In general, load and store instructions use a 64-bit base address along with an optional offset.
The base address is held in one of the 31 general-purpose registers, the stack pointer, or the program counter.
The offset can be encoded directly as an immediate in the 32 instruction bits or held in an offset register.

Following C1.3.3 of the :a_ref_man:`Arm Architecture Reference Manual for A-profile architecture <>`, the most important addressing modes can be summarized as follows:

Base register only: ``[base(, #0)]``
  In the simplest case, we use only the base register to determine the memory address.

  .. _lst:base_addressing_modes_0_s:

  .. literalinclude:: ../data_base/addressing_modes_0.s
    :language: gas
    :caption: Implementation of the ``addressing_modes_0`` function, which copies 32 bits from one memory location to another.

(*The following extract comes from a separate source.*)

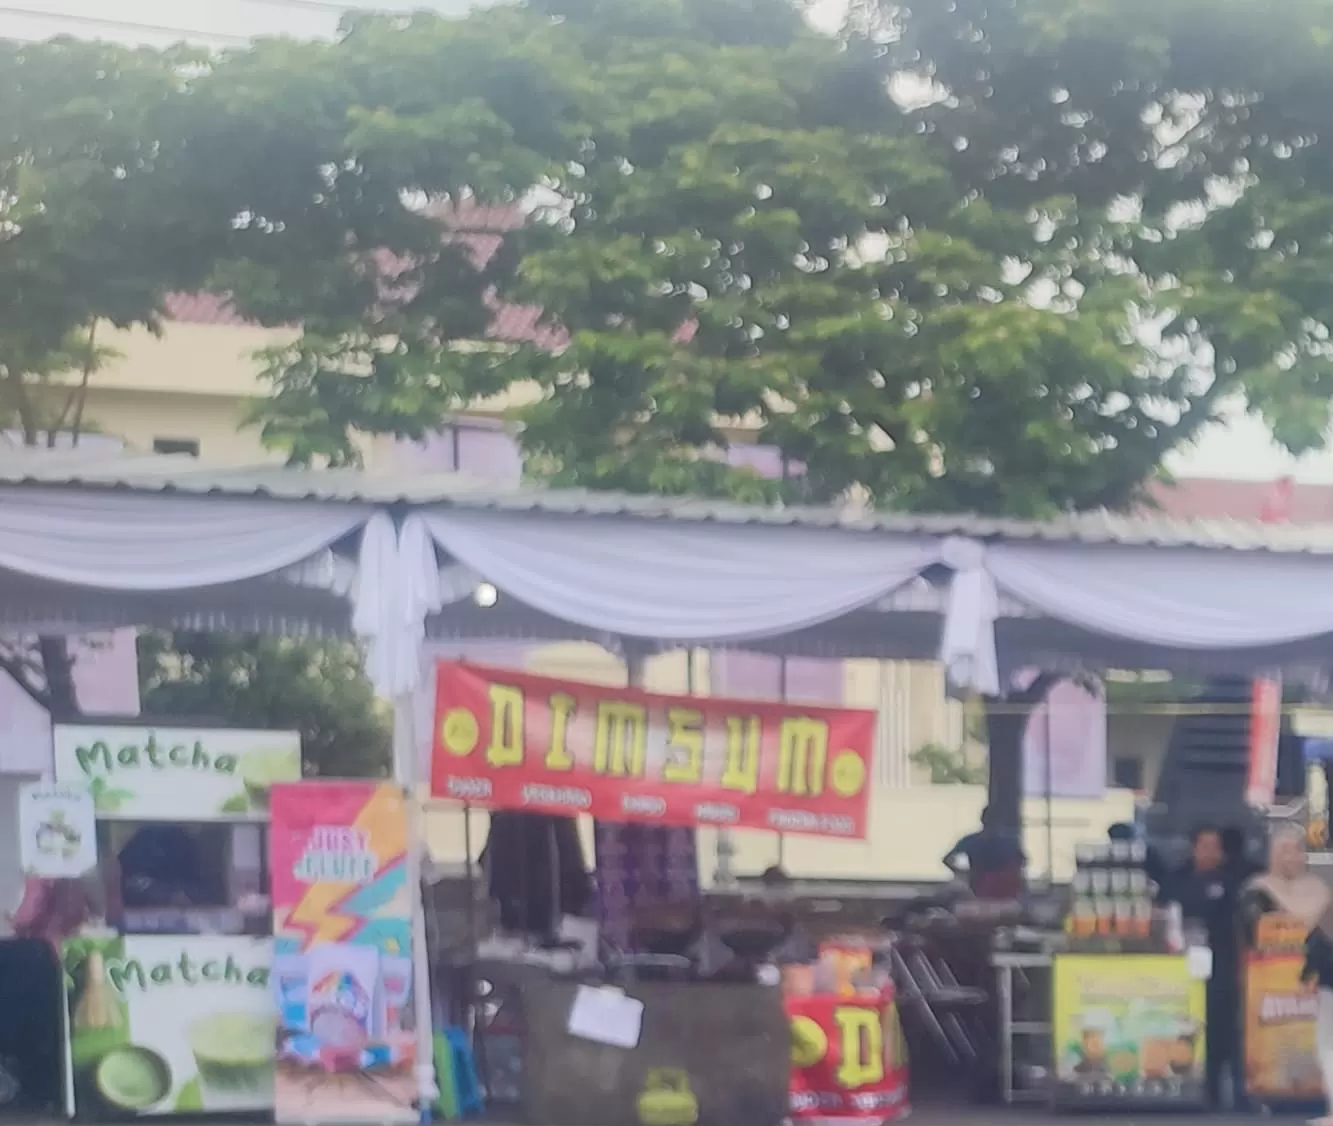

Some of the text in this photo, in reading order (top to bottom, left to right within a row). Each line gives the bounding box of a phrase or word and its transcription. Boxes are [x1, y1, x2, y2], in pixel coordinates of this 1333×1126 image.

[75, 730, 237, 774] Matcha
[485, 684, 829, 797] DIMSUM
[109, 953, 271, 992] Matcha

  The example function in :numref:`lst:base_addressing_modes_0_s` shows the base register only addressing mode.
  Specifically, the function copies 32 bits from the memory address in ``X0`` to the memory address in ``X1``.
  The immediate offsets of load ``ldr w2, [x0, #0]`` and store ``str w2, [x1, #0]`` are explicitly set to zero.
  Alternatively, we could write ``ldr w2, [x0]`` for the load and ``str w2, [x1]`` for the store.
  Note that both forms result in the same instruction word because the offset is set to zero by default in the unsigned offset class of :a64_isa:`LDR (immediate) <Base-Instructions/LDR--immediate---Load-register--immediate--?lang=en#iclass_unsigned_offset>` and :a64_isa:`STR (immediate) <Base-Instructions/STR--immediate---Store-register--immediate--?lang=en#iclass_unsigned_offset>`.

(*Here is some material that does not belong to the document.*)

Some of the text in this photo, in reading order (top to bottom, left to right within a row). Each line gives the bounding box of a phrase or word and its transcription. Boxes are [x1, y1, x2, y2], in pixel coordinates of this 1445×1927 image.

Base plus immediate offset: ``[base(, #imm)]``
  Another addressing mode is given by a base address together with an immediate offset.
  In this case, the effective memory address is calculated by adding the immediate offset to the base address.
  Since the immediate is limited in size, the number of possible immediate offsets is also limited.
  In the case of the unsigned offset encoding of :a64_isa:`LDR (immediate) <Base-Instructions/LDR--immediate---Load-register--immediate-->`, the immediate field has a size of 12 bits.
  For the 32-bit variant, the immediate is scaled by 4, allowing offsets from 0 to 16380 in multiples of 4.

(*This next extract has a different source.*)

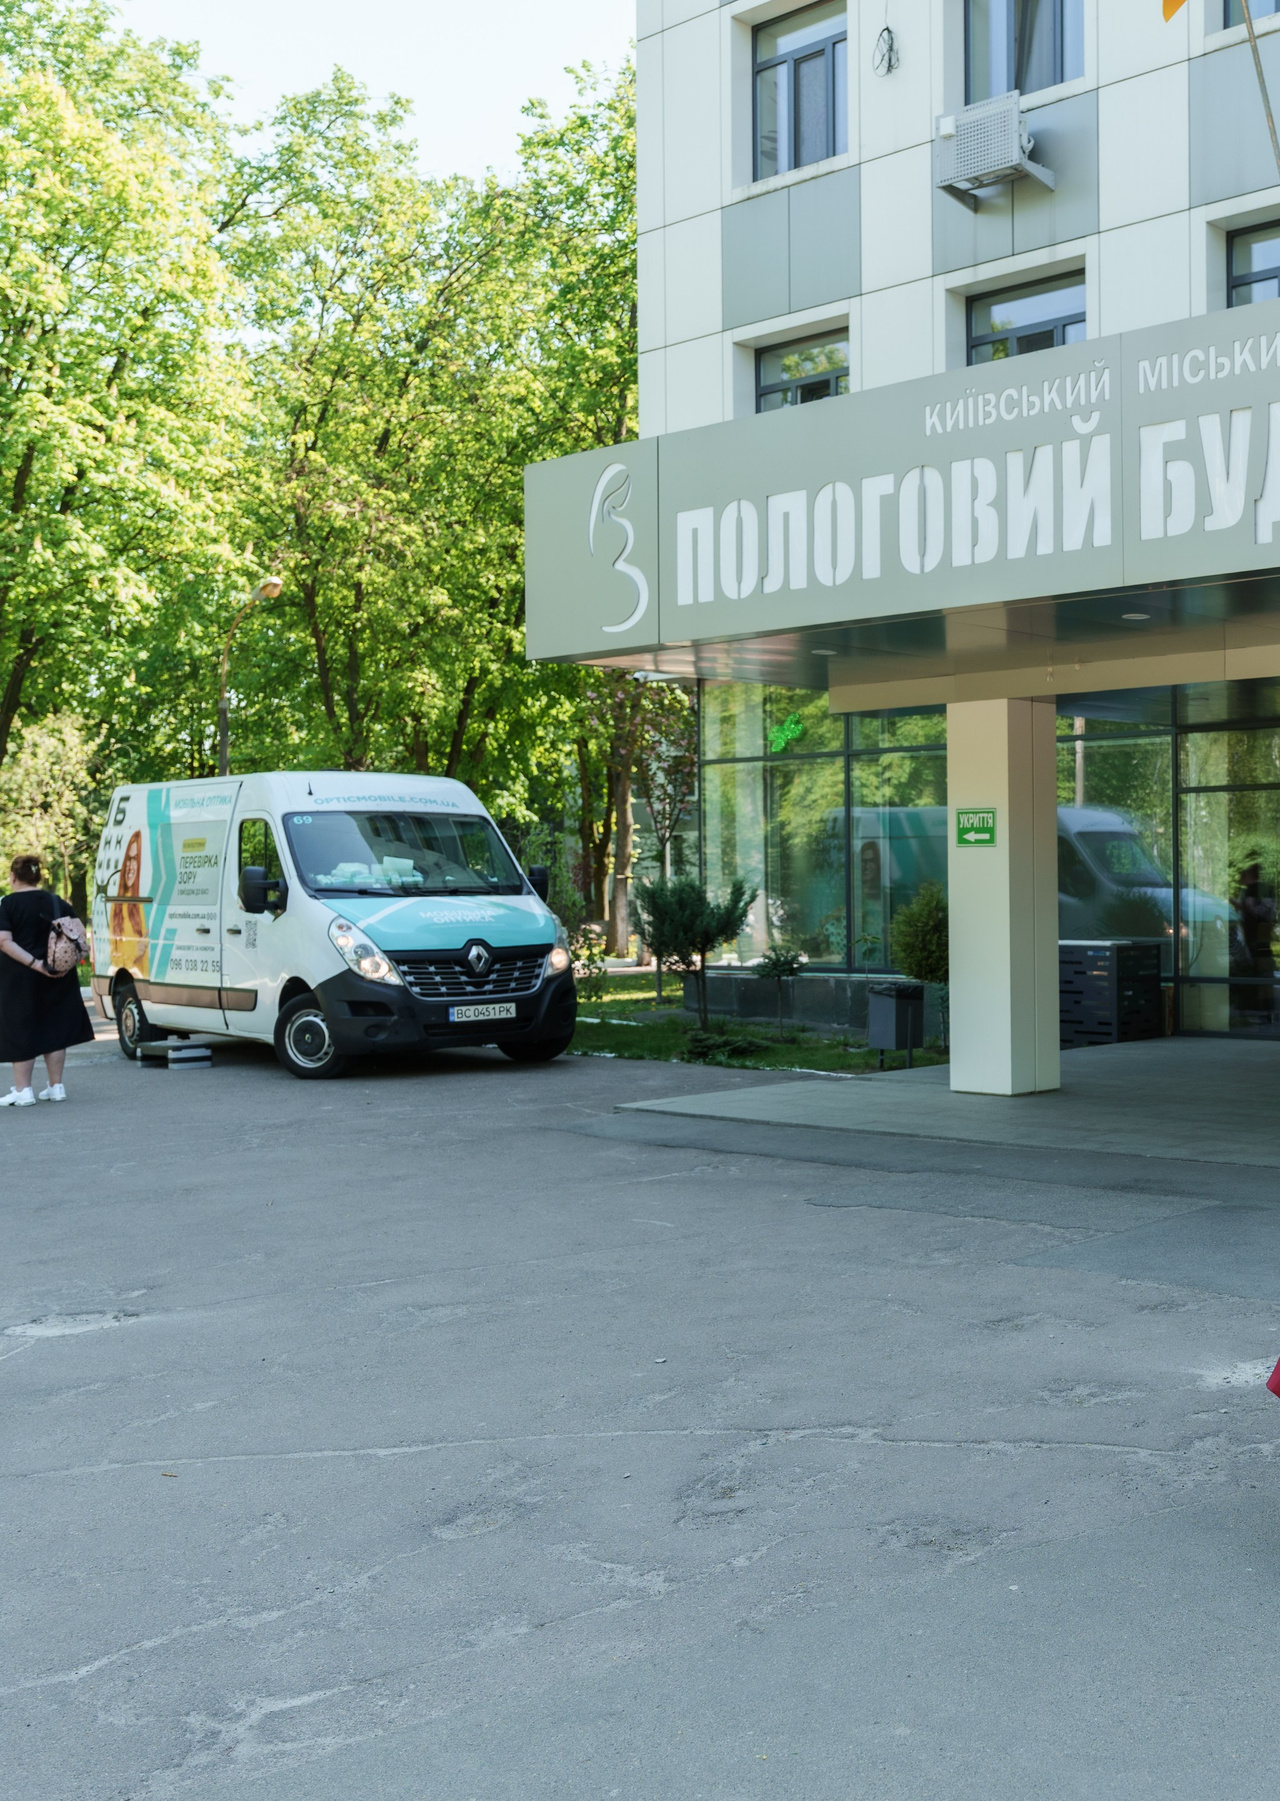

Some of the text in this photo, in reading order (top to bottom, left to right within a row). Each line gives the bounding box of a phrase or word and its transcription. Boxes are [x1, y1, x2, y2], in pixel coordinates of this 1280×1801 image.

  .. _lst:base_addressing_modes_1_s:

  .. literalinclude:: ../data_base/addressing_modes_1.s
    :language: gas
    :caption: Implementation of the ``addressing_modes_1`` function, which copies 32 bits from one memory location to another.

  The example function in :numref:`lst:base_addressing_modes_1_s` shows the base plus immediate offset addressing mode.
  Unlike before, the effective address for the 32-bit load ``ldr w2, [x0, #8]`` is determined by adding 8 to the value in register ``X0``.
  The effective address for the 32-bit store ``str w2, [x1, #12]`` is determined by adding 12 to the value in register ``X1``.

Base plus register offset: ``[base, Xm(, LSL #imm)]``
  In addition to immediate offsets, we can also provide the offset through an additional register.
  In this case, the offset can be any 64-bit value.
  We can also encode an additional left shift of the offset as part of the instruction.

  .. _lst:base_addressing_modes_2_s:

  .. literalinclude:: ../data_base/addressing_modes_2.s
    :language: gas
    :caption: Implementation of the ``addressing_modes_2`` function, which copies 32 bits from one memory location to another.

  The example function in :numref:`lst:base_addressing_modes_2_s` illustrates the base plus register offset addressing mode.
  The ``ldr w4, [x0, x1]`` instruction uses :a64_isa:`LDR (register) <Base-Instructions/LDR--register---Load-register--register-->`.
  This means that the effective memory address is calculated by adding the 64-bit value in ``X0`` to the value in ``X1``.
  The effective address for the store ``str w4, [x2, x3]`` is given by adding the values in ``X2`` and ``X3``.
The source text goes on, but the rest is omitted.